最終更新: 2022年1月23日

東京のアンダーグラウンドシーンで活躍しているバンドには、とっつきやすくはないですが音楽、表現的な面で個性的な人、バンドが多々存在します。そういったバンドがYOUTHWAVEに対しての一つのカウンターカルチャーとなれば音楽シーンはもっと面白くなると思います。

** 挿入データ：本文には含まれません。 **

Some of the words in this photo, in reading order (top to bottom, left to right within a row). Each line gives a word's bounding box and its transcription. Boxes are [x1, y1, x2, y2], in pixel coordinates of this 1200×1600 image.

アーティスト:平子 瑛一郎(Vo,Gt.,Key)、久津間俊平(Ba,Vo)、東 克幸(Dr)
インタビュアー:yabori

※アルバムの期間限定試聴は終了しました。多くの方に聴いて頂き、ありがとうございました。続きは彼らのアルバムを手に取って、聴いてみてください。

-バンド名の由来について教えてください。
平子:「roam」という単語にはさ迷うという意味があるので、困惑し、迷いながらも一つの答えに向かって突き進もうという意思の元、バンド名を決めました。

-結成のきっかけについて詳しく教えてください。
平子:以前のベーシストと高校時代からバンドを組んでおり、進学のタイミングで一緒に上京してきました。東京で様々な事に触れ、自分やメンバーの思っているイメージを具体的に音楽で表現したくTHE ROAMERSを結成しようと思いました。友人のバンドで活動していた東が参加し、2011年に最初の形が出来上がりました。そこから、メンバーチェンジなどを経て現在に至ります。

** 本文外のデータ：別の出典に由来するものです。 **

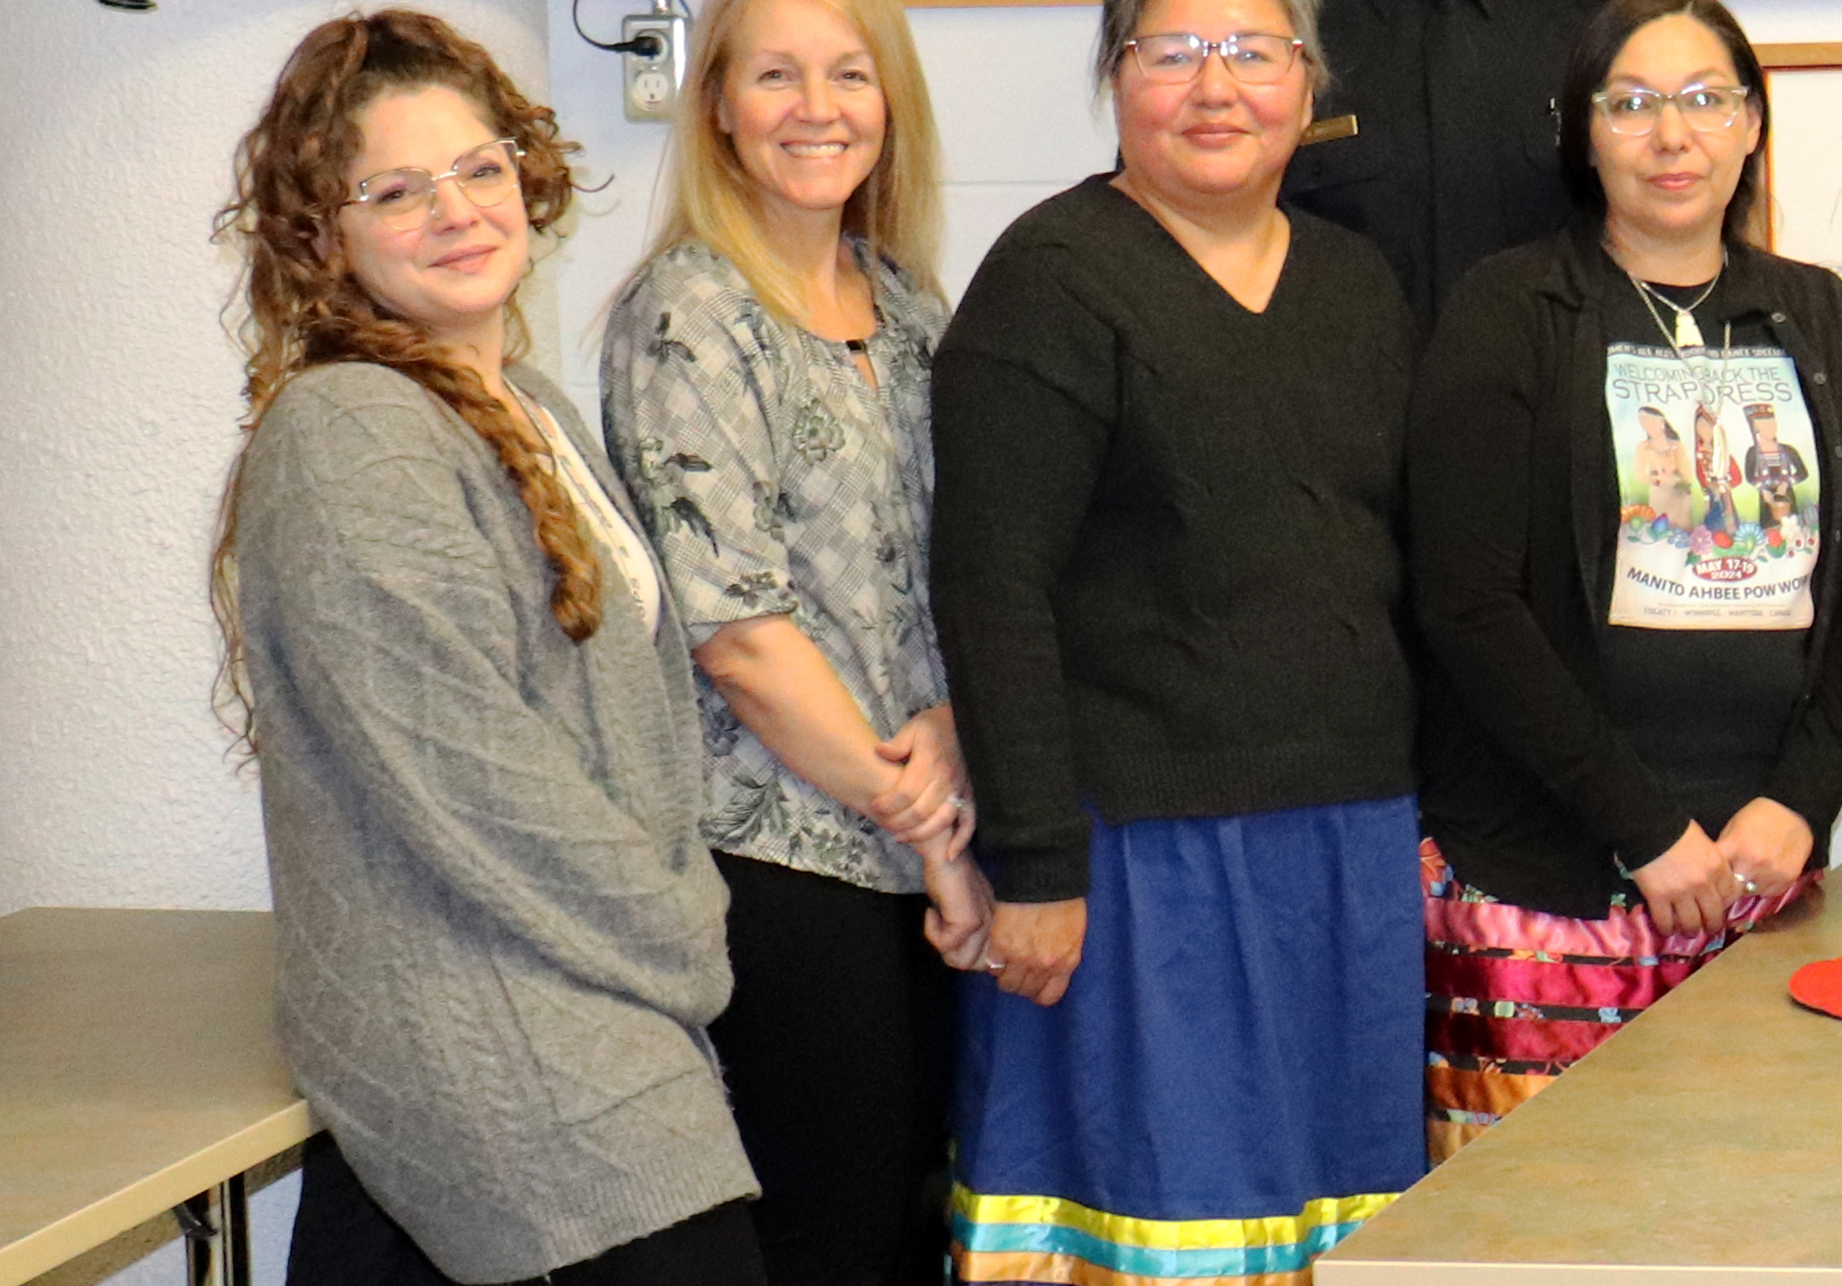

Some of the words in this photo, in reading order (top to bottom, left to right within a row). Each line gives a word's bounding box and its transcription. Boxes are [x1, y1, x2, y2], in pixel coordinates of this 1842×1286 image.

[1746, 366, 1781, 381] THE
[1612, 378, 1698, 405] STRAP
[1702, 381, 1793, 406] DRESS
[1696, 560, 1722, 575] MAY
[1710, 570, 1743, 580] 2024
[1626, 566, 1685, 597] MANITO
[1688, 585, 1741, 600] AHBEE
[1744, 583, 1777, 599] POW

-どの曲も英詞で歌っていますが、どうして英詞で歌おうと思ったのでしょうか。
平子:幼少の頃からThe Rolling StonesやBob Marleyなどを父の影響でよく聞いており、自然と英詩が良いと思うようになっていました。なので英語で歌うという事に特に抵抗はありませんでした。また、thattaやThe Mammalsなど英詩で歌う先輩と一緒に切磋琢磨したいという思いもあります。あと、日本人として英語でどこまで出来るかという意地みたいなものもあります。
東:スタジオの作曲段階の鼻歌も英詩のようになっているので、もともと英詩がなじみやすい声質だったり歌い方だったするんだと思います。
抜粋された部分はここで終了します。